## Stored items
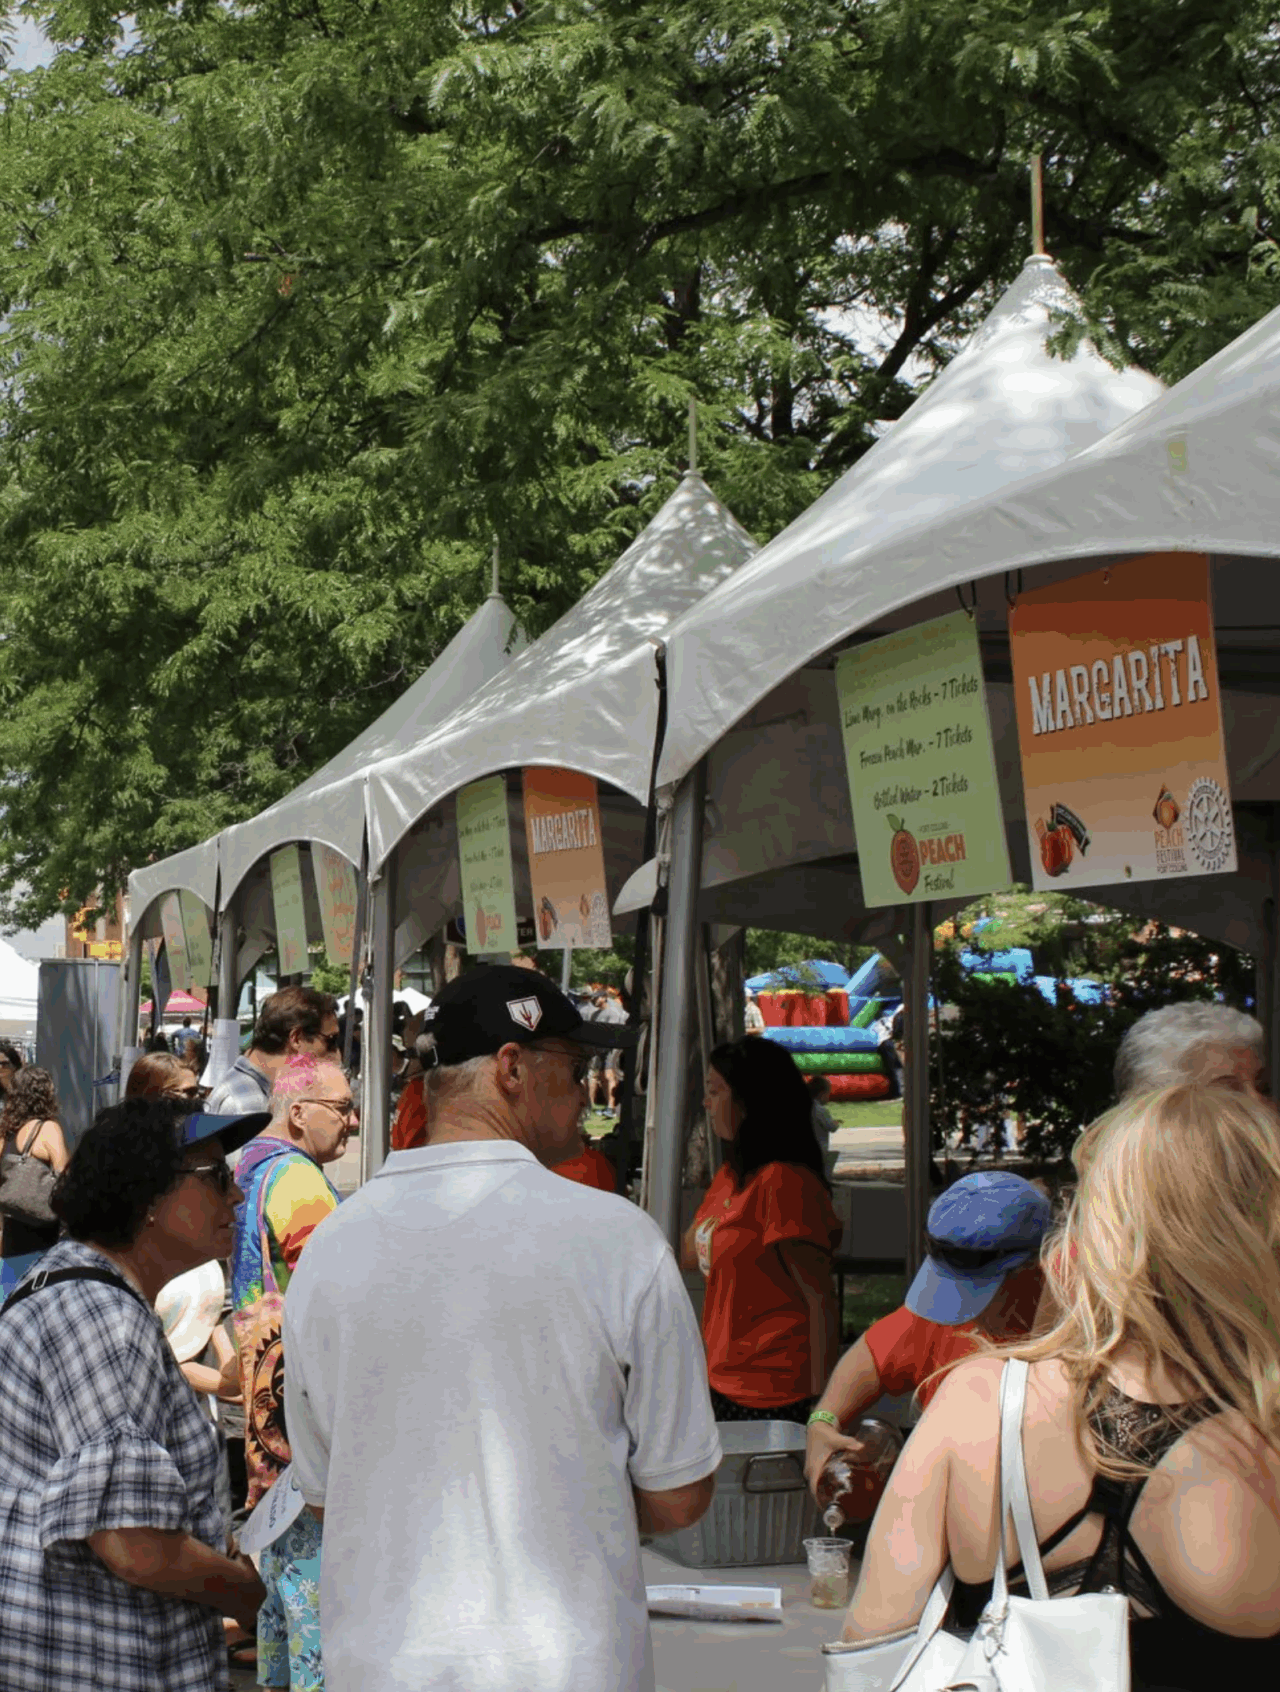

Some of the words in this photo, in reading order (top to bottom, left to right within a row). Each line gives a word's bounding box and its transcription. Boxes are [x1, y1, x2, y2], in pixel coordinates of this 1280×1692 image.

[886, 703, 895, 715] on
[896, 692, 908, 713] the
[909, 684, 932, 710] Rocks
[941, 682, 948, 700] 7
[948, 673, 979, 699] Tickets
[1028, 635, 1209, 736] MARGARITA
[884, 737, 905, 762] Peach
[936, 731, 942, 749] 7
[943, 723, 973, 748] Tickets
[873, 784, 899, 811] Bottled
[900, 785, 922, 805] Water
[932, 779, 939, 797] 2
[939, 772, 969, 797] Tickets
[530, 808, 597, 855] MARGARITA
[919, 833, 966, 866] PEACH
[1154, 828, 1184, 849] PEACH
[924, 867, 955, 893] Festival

## Task objective
Output the lines above in full and exactly as given, omitting any pictures.

## Answer space
Some of the words in this photo, in reading order (top to bottom, left to right within a row). Each line gives a word's bounding box and its transcription. Boxes are [x1, y1, x2, y2], in pixel coordinates of this 1280×1692 image.

[886, 703, 895, 715] on
[896, 692, 908, 713] the
[909, 684, 932, 710] Rocks
[941, 682, 948, 700] 7
[948, 673, 979, 699] Tickets
[1028, 635, 1209, 736] MARGARITA
[884, 737, 905, 762] Peach
[936, 731, 942, 749] 7
[943, 723, 973, 748] Tickets
[873, 784, 899, 811] Bottled
[900, 785, 922, 805] Water
[932, 779, 939, 797] 2
[939, 772, 969, 797] Tickets
[530, 808, 597, 855] MARGARITA
[919, 833, 966, 866] PEACH
[1154, 828, 1184, 849] PEACH
[924, 867, 955, 893] Festival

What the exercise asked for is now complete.